Transcribe word for word the section of the records below that opens with the line containing "this 1288×966 image." and closes with the line containing "this 1280×1707 image."; drop every picture.

(Free-text object descriptions)

= = = = = = =

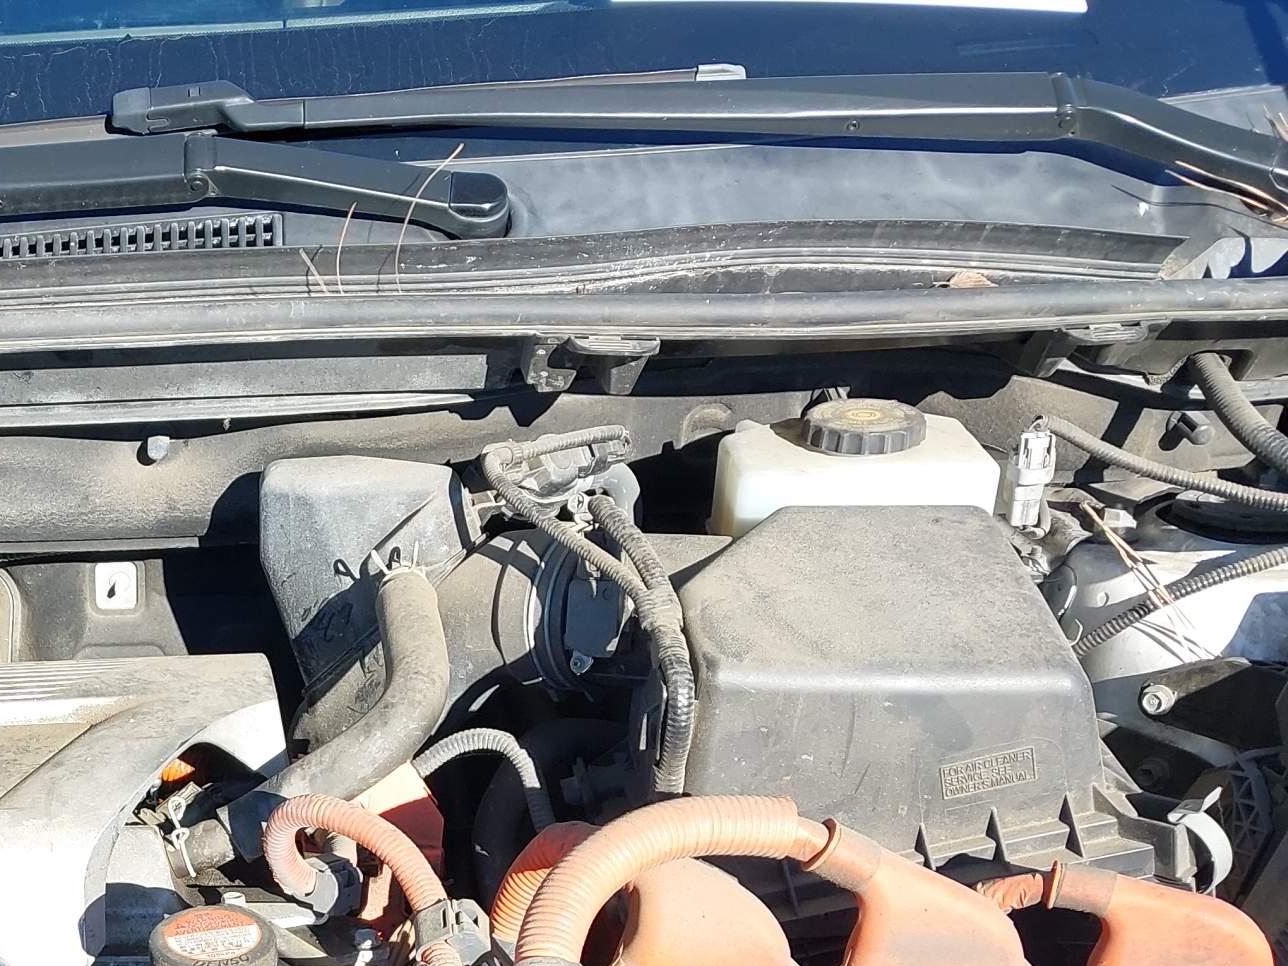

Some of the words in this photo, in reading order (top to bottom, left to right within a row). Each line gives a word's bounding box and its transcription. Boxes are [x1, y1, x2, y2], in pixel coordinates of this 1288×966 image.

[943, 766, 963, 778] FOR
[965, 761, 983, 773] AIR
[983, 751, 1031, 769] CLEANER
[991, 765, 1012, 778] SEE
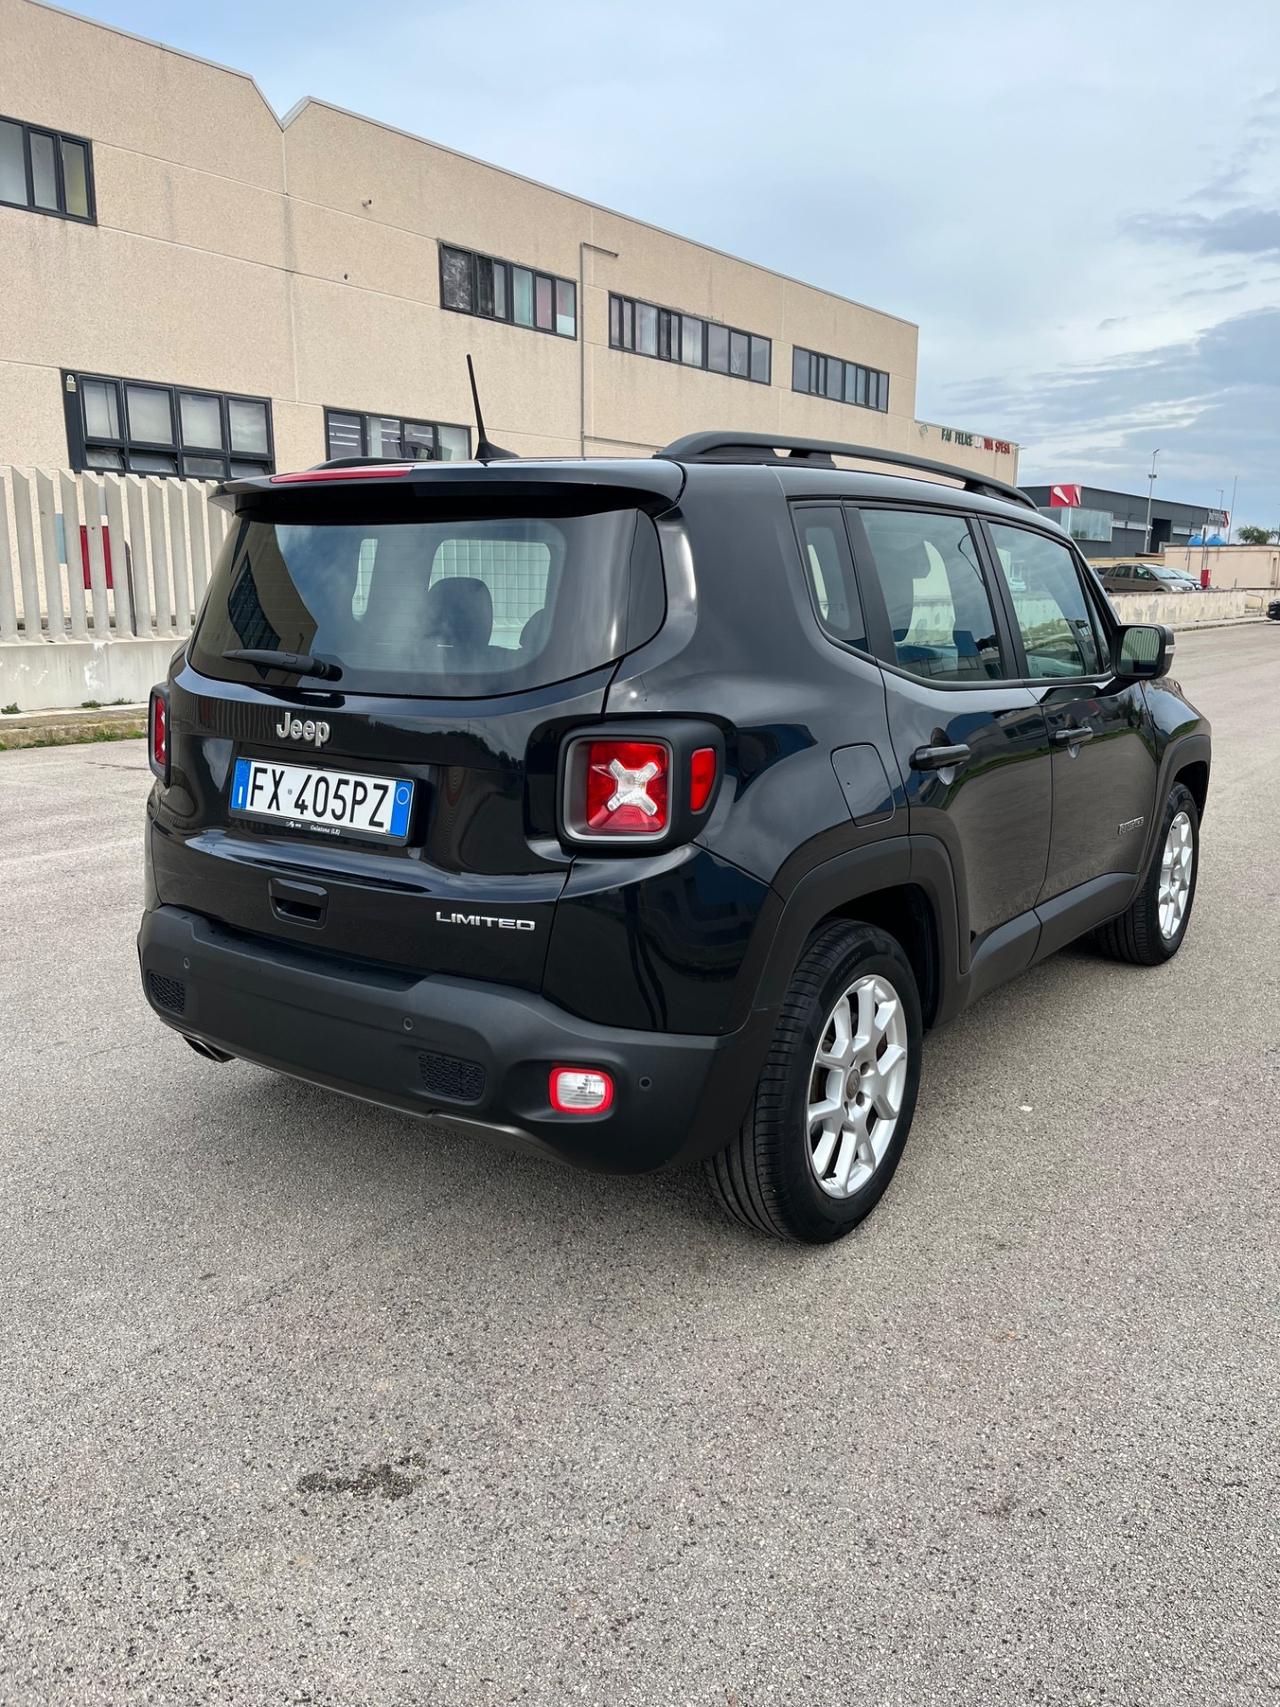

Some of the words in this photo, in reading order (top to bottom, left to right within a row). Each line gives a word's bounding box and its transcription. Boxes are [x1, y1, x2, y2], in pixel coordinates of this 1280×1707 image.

= = = = = = =

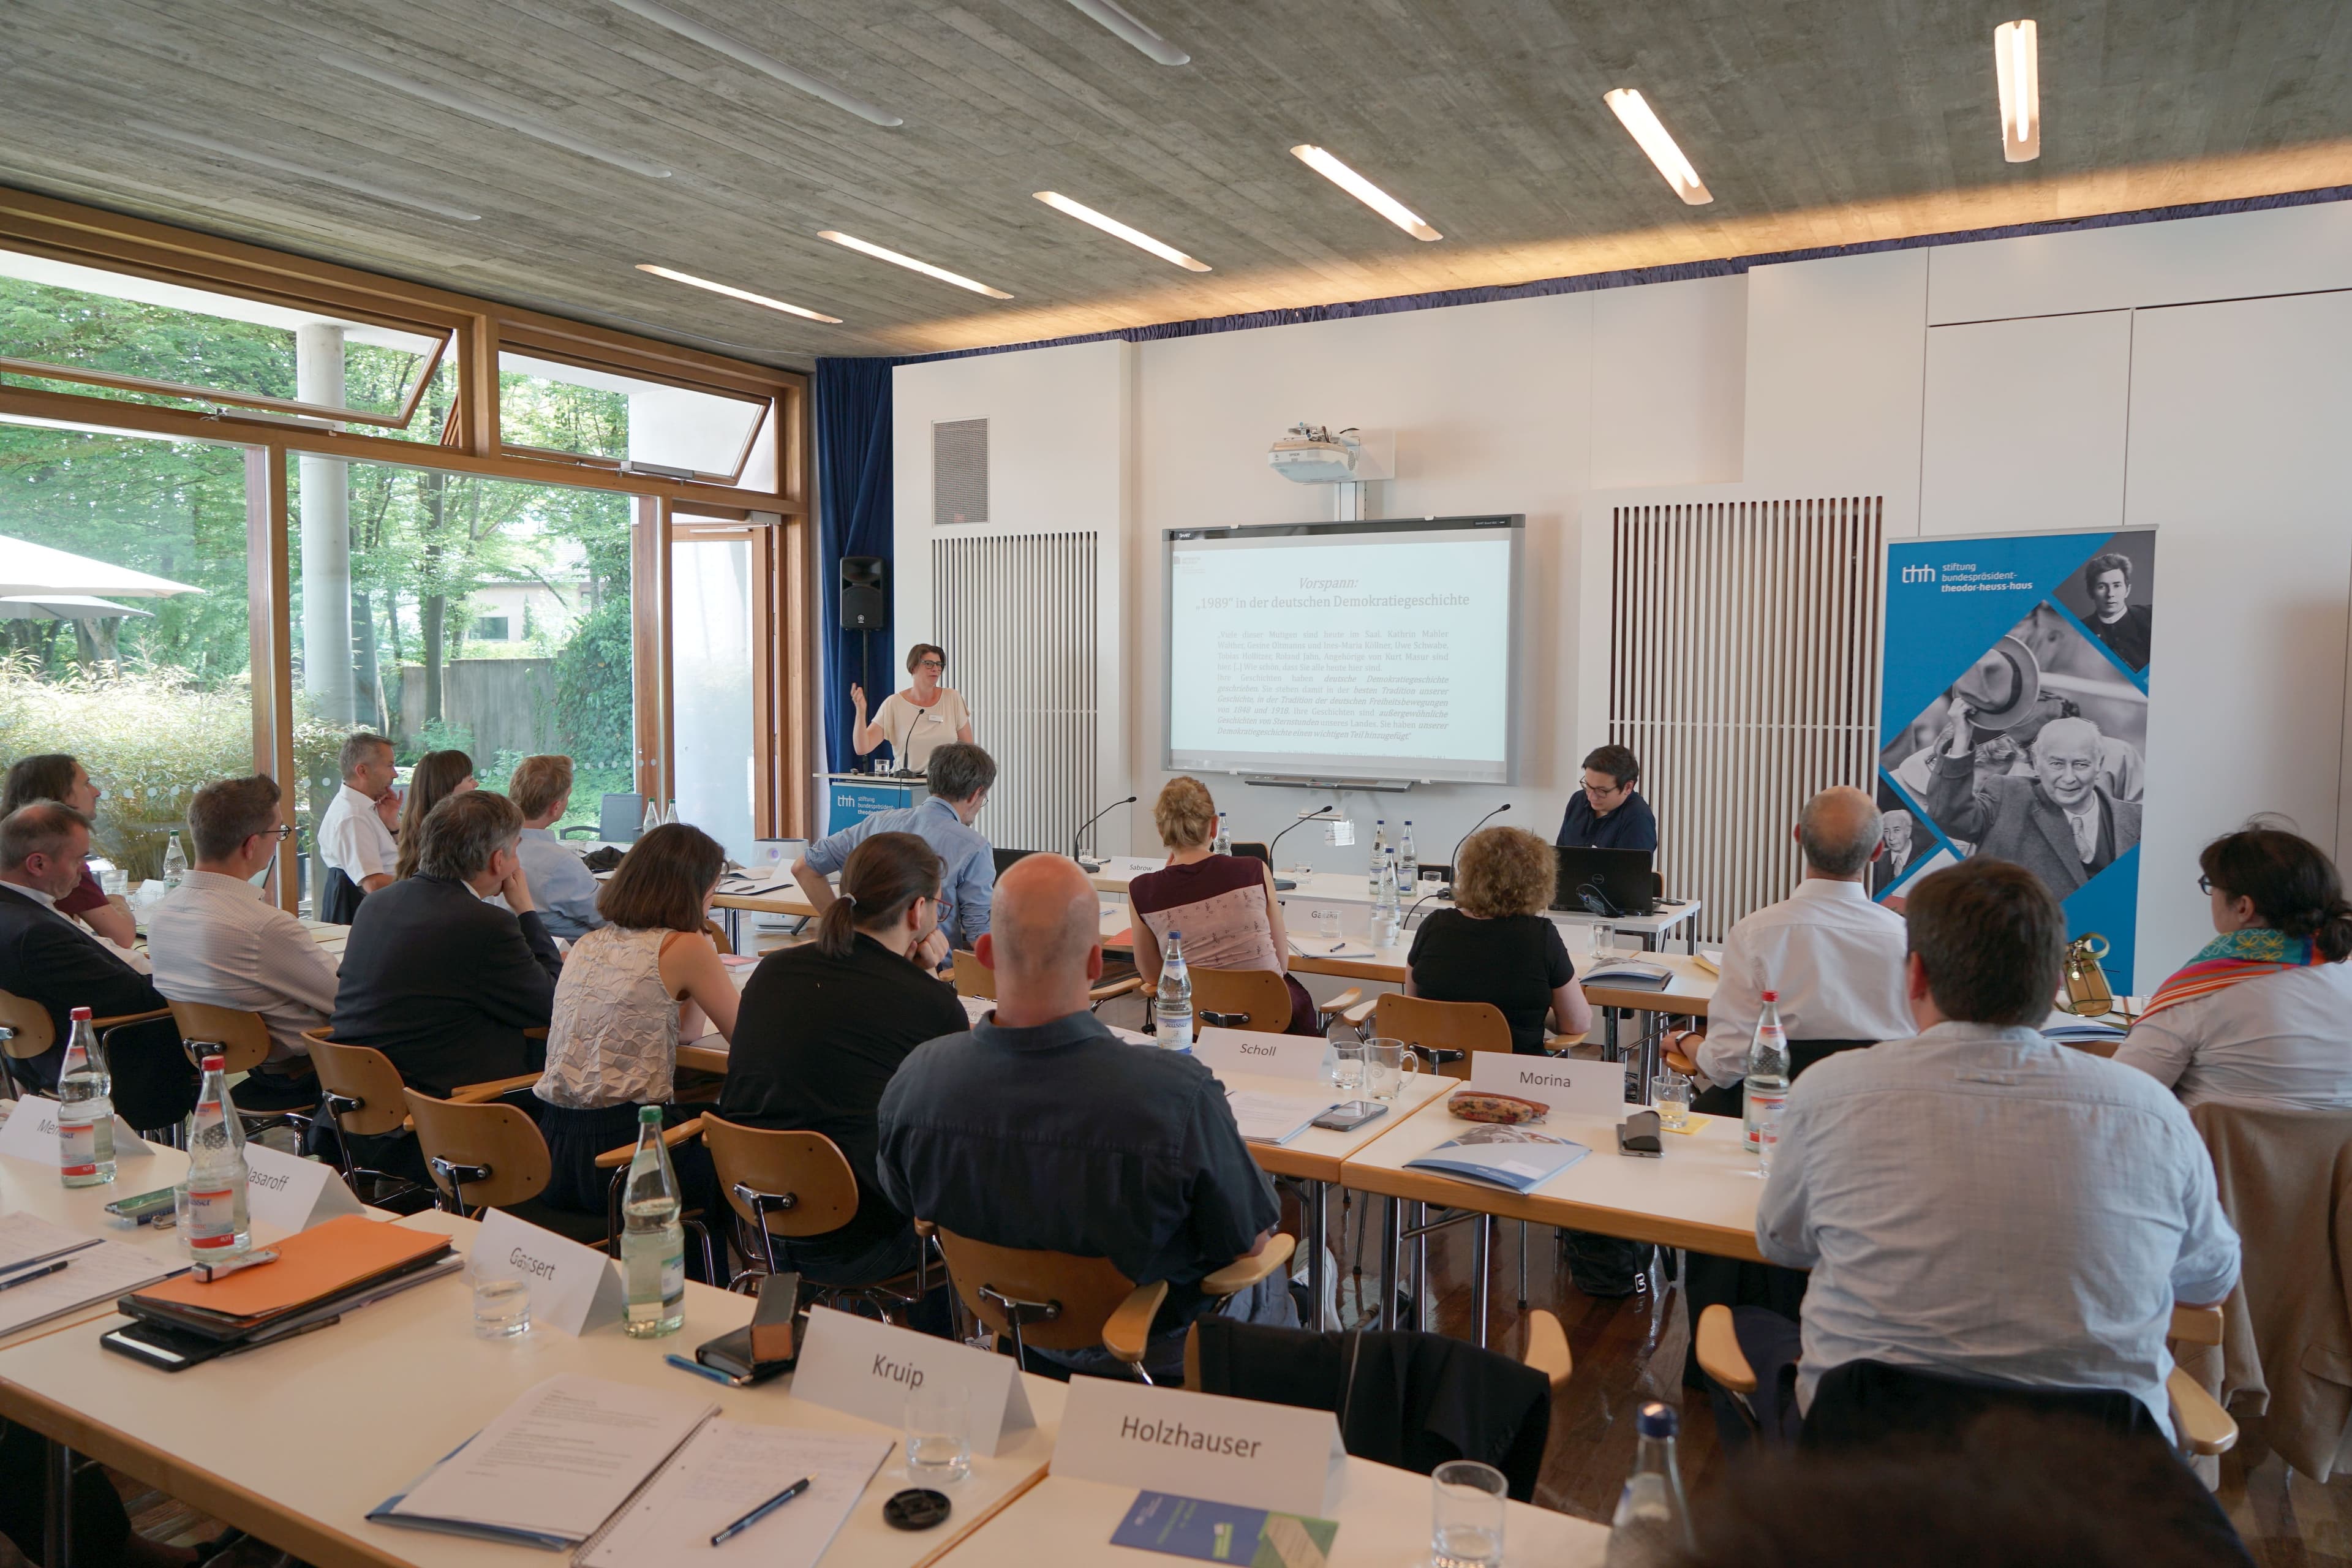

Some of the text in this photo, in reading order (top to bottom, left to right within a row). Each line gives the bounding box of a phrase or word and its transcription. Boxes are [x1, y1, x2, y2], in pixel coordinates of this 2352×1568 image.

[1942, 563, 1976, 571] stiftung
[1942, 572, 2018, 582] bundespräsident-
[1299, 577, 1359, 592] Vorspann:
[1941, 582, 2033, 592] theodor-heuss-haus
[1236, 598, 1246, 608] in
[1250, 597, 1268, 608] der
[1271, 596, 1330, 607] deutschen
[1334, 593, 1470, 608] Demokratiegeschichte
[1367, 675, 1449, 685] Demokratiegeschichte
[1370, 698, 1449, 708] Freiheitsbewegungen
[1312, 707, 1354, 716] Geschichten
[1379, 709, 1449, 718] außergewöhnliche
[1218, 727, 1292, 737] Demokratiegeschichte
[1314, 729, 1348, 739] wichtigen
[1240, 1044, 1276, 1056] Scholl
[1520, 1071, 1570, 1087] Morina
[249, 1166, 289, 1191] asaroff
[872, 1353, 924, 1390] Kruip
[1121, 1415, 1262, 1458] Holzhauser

= = = = = = =

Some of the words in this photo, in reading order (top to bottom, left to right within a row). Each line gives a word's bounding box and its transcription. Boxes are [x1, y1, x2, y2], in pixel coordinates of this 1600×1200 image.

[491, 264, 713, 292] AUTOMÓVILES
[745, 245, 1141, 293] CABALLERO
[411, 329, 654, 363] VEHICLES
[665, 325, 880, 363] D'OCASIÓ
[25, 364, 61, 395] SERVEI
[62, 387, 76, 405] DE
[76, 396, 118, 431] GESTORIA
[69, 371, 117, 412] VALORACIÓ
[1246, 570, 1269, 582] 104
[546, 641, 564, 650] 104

= = = = = = =

YOUR SOLUTION:
Some of the words in this photo, in reading order (top to bottom, left to right within a row). Each line gives a word's bounding box and its transcription. Boxes are [x1, y1, x2, y2], in pixel coordinates of this 1288×966 image.

[943, 766, 963, 778] FOR
[965, 761, 983, 773] AIR
[983, 751, 1031, 769] CLEANER
[991, 765, 1012, 778] SEE

Some of the words in this photo, in reading order (top to bottom, left to right within a row). Each line gives a word's bounding box and its transcription. Boxes are [x1, y1, x2, y2], in pixel coordinates of this 1280×1707 image.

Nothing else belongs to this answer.